Produce a character-for-character copy of the data below.
Start of Block
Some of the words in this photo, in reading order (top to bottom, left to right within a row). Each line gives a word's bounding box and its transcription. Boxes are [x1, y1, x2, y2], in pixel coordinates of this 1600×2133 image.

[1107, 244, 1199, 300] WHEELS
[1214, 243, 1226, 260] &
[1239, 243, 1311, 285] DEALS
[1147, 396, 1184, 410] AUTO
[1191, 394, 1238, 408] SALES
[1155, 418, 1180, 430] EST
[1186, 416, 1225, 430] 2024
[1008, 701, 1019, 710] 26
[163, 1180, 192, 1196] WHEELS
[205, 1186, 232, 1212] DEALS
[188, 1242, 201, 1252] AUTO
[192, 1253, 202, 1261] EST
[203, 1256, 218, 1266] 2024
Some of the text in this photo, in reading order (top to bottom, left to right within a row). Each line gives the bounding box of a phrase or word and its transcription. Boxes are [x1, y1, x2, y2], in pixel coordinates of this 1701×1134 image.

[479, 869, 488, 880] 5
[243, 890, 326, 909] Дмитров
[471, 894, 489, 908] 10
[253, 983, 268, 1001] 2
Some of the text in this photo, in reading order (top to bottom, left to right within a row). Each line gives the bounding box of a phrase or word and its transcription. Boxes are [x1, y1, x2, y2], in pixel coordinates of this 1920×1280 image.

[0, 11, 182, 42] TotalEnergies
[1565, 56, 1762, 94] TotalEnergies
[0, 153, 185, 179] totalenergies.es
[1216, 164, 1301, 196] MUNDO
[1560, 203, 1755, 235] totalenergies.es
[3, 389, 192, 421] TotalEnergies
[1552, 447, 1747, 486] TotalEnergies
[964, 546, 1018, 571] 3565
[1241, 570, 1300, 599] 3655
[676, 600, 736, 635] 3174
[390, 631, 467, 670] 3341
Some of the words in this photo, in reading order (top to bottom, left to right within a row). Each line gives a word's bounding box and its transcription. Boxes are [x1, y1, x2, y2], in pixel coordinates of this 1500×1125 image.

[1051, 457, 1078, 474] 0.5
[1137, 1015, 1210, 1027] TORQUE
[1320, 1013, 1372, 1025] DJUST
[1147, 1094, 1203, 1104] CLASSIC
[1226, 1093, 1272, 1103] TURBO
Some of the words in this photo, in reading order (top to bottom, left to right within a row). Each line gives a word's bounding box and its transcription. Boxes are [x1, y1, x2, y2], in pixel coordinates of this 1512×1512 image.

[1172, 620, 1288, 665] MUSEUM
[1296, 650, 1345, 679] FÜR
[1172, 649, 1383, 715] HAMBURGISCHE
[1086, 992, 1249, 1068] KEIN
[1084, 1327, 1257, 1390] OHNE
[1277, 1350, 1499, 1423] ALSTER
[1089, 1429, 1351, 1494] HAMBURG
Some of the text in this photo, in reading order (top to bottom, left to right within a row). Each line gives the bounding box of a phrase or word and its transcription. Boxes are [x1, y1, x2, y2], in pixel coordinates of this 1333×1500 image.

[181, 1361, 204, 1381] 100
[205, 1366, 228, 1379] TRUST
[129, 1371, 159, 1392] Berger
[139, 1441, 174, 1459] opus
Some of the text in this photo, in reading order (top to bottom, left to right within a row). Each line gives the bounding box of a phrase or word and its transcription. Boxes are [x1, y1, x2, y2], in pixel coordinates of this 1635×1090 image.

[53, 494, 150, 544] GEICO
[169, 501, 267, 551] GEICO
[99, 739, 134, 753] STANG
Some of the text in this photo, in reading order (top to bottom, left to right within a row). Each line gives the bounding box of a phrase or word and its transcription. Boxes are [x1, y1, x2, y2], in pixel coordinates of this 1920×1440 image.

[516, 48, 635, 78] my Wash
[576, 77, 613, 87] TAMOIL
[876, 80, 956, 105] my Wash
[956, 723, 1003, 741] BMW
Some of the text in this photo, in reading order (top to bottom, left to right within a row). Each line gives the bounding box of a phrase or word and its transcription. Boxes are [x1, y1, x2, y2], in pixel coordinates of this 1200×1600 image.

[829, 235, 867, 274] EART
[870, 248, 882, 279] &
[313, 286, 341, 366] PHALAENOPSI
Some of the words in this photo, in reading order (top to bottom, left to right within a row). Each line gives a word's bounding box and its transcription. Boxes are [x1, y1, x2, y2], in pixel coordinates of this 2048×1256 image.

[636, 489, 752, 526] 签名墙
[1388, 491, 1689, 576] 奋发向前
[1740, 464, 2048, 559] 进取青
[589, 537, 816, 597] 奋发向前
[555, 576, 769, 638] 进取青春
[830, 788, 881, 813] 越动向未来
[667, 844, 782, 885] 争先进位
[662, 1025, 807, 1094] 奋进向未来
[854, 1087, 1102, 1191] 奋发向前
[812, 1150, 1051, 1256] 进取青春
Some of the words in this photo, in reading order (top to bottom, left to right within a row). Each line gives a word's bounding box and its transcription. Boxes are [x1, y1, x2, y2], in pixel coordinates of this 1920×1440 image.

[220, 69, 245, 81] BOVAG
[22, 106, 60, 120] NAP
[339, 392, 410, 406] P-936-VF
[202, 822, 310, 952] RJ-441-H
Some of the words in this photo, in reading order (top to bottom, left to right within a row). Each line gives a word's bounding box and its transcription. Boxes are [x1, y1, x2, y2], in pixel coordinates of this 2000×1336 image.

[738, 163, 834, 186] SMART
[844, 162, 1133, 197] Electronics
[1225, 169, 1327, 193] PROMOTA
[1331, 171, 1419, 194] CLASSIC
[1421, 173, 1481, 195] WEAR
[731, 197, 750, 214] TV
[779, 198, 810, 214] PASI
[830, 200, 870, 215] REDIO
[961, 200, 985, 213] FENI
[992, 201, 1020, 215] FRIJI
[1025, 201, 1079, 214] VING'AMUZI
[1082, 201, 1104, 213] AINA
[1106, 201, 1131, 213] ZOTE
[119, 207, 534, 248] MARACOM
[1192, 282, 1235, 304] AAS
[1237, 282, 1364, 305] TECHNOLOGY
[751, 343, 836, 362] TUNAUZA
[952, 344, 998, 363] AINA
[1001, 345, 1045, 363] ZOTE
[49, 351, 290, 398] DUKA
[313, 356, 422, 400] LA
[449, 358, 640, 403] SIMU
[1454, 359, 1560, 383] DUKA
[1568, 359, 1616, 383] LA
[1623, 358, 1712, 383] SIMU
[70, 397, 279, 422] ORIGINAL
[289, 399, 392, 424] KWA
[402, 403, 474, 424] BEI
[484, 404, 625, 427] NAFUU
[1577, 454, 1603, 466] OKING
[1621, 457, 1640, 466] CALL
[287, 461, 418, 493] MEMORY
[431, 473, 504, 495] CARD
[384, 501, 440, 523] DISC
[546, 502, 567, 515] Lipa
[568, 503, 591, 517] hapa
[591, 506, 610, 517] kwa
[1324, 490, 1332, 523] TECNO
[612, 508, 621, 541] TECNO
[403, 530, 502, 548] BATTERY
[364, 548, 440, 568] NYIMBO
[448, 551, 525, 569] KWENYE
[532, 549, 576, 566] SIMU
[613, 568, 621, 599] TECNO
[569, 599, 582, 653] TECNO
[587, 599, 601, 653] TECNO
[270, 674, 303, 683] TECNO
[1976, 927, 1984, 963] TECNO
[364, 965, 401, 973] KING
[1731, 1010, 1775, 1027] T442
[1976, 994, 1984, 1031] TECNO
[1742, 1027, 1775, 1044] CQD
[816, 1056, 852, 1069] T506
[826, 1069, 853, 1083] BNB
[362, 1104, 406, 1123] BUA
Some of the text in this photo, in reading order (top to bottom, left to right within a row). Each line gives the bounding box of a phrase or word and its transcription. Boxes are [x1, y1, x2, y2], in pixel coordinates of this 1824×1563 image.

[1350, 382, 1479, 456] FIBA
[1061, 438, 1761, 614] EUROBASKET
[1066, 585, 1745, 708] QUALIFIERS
End of Block
#### RESPONSE TO THE EXERCISE
Some of the words in this photo, in reading order (top to bottom, left to right within a row). Each line gives a word's bounding box and its transcription. Boxes are [x1, y1, x2, y2], in pixel coordinates of this 1600×2133 image.

[1107, 244, 1199, 300] WHEELS
[1214, 243, 1226, 260] &
[1239, 243, 1311, 285] DEALS
[1147, 396, 1184, 410] AUTO
[1191, 394, 1238, 408] SALES
[1155, 418, 1180, 430] EST
[1186, 416, 1225, 430] 2024
[1008, 701, 1019, 710] 26
[163, 1180, 192, 1196] WHEELS
[205, 1186, 232, 1212] DEALS
[188, 1242, 201, 1252] AUTO
[192, 1253, 202, 1261] EST
[203, 1256, 218, 1266] 2024
Some of the text in this photo, in reading order (top to bottom, left to right within a row). Each line gives the bounding box of a phrase or word and its transcription. Boxes are [x1, y1, x2, y2], in pixel coordinates of this 1701×1134 image.

[479, 869, 488, 880] 5
[243, 890, 326, 909] Дмитров
[471, 894, 489, 908] 10
[253, 983, 268, 1001] 2
Some of the text in this photo, in reading order (top to bottom, left to right within a row). Each line gives the bounding box of a phrase or word and its transcription. Boxes are [x1, y1, x2, y2], in pixel coordinates of this 1920×1280 image.

[0, 11, 182, 42] TotalEnergies
[1565, 56, 1762, 94] TotalEnergies
[0, 153, 185, 179] totalenergies.es
[1216, 164, 1301, 196] MUNDO
[1560, 203, 1755, 235] totalenergies.es
[3, 389, 192, 421] TotalEnergies
[1552, 447, 1747, 486] TotalEnergies
[964, 546, 1018, 571] 3565
[1241, 570, 1300, 599] 3655
[676, 600, 736, 635] 3174
[390, 631, 467, 670] 3341
Some of the words in this photo, in reading order (top to bottom, left to right within a row). Each line gives a word's bounding box and its transcription. Boxes are [x1, y1, x2, y2], in pixel coordinates of this 1500×1125 image.

[1051, 457, 1078, 474] 0.5
[1137, 1015, 1210, 1027] TORQUE
[1320, 1013, 1372, 1025] DJUST
[1147, 1094, 1203, 1104] CLASSIC
[1226, 1093, 1272, 1103] TURBO
Some of the words in this photo, in reading order (top to bottom, left to right within a row). Each line gives a word's bounding box and its transcription. Boxes are [x1, y1, x2, y2], in pixel coordinates of this 1512×1512 image.

[1172, 620, 1288, 665] MUSEUM
[1296, 650, 1345, 679] FÜR
[1172, 649, 1383, 715] HAMBURGISCHE
[1086, 992, 1249, 1068] KEIN
[1084, 1327, 1257, 1390] OHNE
[1277, 1350, 1499, 1423] ALSTER
[1089, 1429, 1351, 1494] HAMBURG
Some of the text in this photo, in reading order (top to bottom, left to right within a row). Each line gives the bounding box of a phrase or word and its transcription. Boxes are [x1, y1, x2, y2], in pixel coordinates of this 1333×1500 image.

[181, 1361, 204, 1381] 100
[205, 1366, 228, 1379] TRUST
[129, 1371, 159, 1392] Berger
[139, 1441, 174, 1459] opus
Some of the text in this photo, in reading order (top to bottom, left to right within a row). Each line gives the bounding box of a phrase or word and its transcription. Boxes are [x1, y1, x2, y2], in pixel coordinates of this 1635×1090 image.

[53, 494, 150, 544] GEICO
[169, 501, 267, 551] GEICO
[99, 739, 134, 753] STANG
Some of the text in this photo, in reading order (top to bottom, left to right within a row). Each line gives the bounding box of a phrase or word and its transcription. Boxes are [x1, y1, x2, y2], in pixel coordinates of this 1920×1440 image.

[516, 48, 635, 78] my Wash
[576, 77, 613, 87] TAMOIL
[876, 80, 956, 105] my Wash
[956, 723, 1003, 741] BMW
Some of the text in this photo, in reading order (top to bottom, left to right within a row). Each line gives the bounding box of a phrase or word and its transcription. Boxes are [x1, y1, x2, y2], in pixel coordinates of this 1200×1600 image.

[829, 235, 867, 274] EART
[870, 248, 882, 279] &
[313, 286, 341, 366] PHALAENOPSI
Some of the words in this photo, in reading order (top to bottom, left to right within a row). Each line gives a word's bounding box and its transcription. Boxes are [x1, y1, x2, y2], in pixel coordinates of this 2048×1256 image.

[636, 489, 752, 526] 签名墙
[1388, 491, 1689, 576] 奋发向前
[1740, 464, 2048, 559] 进取青
[589, 537, 816, 597] 奋发向前
[555, 576, 769, 638] 进取青春
[830, 788, 881, 813] 越动向未来
[667, 844, 782, 885] 争先进位
[662, 1025, 807, 1094] 奋进向未来
[854, 1087, 1102, 1191] 奋发向前
[812, 1150, 1051, 1256] 进取青春
Some of the words in this photo, in reading order (top to bottom, left to right within a row). Each line gives a word's bounding box and its transcription. Boxes are [x1, y1, x2, y2], in pixel coordinates of this 1920×1440 image.

[220, 69, 245, 81] BOVAG
[22, 106, 60, 120] NAP
[339, 392, 410, 406] P-936-VF
[202, 822, 310, 952] RJ-441-H
Some of the words in this photo, in reading order (top to bottom, left to right within a row). Each line gives a word's bounding box and its transcription. Boxes are [x1, y1, x2, y2], in pixel coordinates of this 2000×1336 image.

[738, 163, 834, 186] SMART
[844, 162, 1133, 197] Electronics
[1225, 169, 1327, 193] PROMOTA
[1331, 171, 1419, 194] CLASSIC
[1421, 173, 1481, 195] WEAR
[731, 197, 750, 214] TV
[779, 198, 810, 214] PASI
[830, 200, 870, 215] REDIO
[961, 200, 985, 213] FENI
[992, 201, 1020, 215] FRIJI
[1025, 201, 1079, 214] VING'AMUZI
[1082, 201, 1104, 213] AINA
[1106, 201, 1131, 213] ZOTE
[119, 207, 534, 248] MARACOM
[1192, 282, 1235, 304] AAS
[1237, 282, 1364, 305] TECHNOLOGY
[751, 343, 836, 362] TUNAUZA
[952, 344, 998, 363] AINA
[1001, 345, 1045, 363] ZOTE
[49, 351, 290, 398] DUKA
[313, 356, 422, 400] LA
[449, 358, 640, 403] SIMU
[1454, 359, 1560, 383] DUKA
[1568, 359, 1616, 383] LA
[1623, 358, 1712, 383] SIMU
[70, 397, 279, 422] ORIGINAL
[289, 399, 392, 424] KWA
[402, 403, 474, 424] BEI
[484, 404, 625, 427] NAFUU
[1577, 454, 1603, 466] OKING
[1621, 457, 1640, 466] CALL
[287, 461, 418, 493] MEMORY
[431, 473, 504, 495] CARD
[384, 501, 440, 523] DISC
[546, 502, 567, 515] Lipa
[568, 503, 591, 517] hapa
[591, 506, 610, 517] kwa
[1324, 490, 1332, 523] TECNO
[612, 508, 621, 541] TECNO
[403, 530, 502, 548] BATTERY
[364, 548, 440, 568] NYIMBO
[448, 551, 525, 569] KWENYE
[532, 549, 576, 566] SIMU
[613, 568, 621, 599] TECNO
[569, 599, 582, 653] TECNO
[587, 599, 601, 653] TECNO
[270, 674, 303, 683] TECNO
[1976, 927, 1984, 963] TECNO
[364, 965, 401, 973] KING
[1731, 1010, 1775, 1027] T442
[1976, 994, 1984, 1031] TECNO
[1742, 1027, 1775, 1044] CQD
[816, 1056, 852, 1069] T506
[826, 1069, 853, 1083] BNB
[362, 1104, 406, 1123] BUA
Some of the text in this photo, in reading order (top to bottom, left to right within a row). Each line gives the bounding box of a phrase or word and its transcription. Boxes are [x1, y1, x2, y2], in pixel coordinates of this 1824×1563 image.

[1350, 382, 1479, 456] FIBA
[1061, 438, 1761, 614] EUROBASKET
[1066, 585, 1745, 708] QUALIFIERS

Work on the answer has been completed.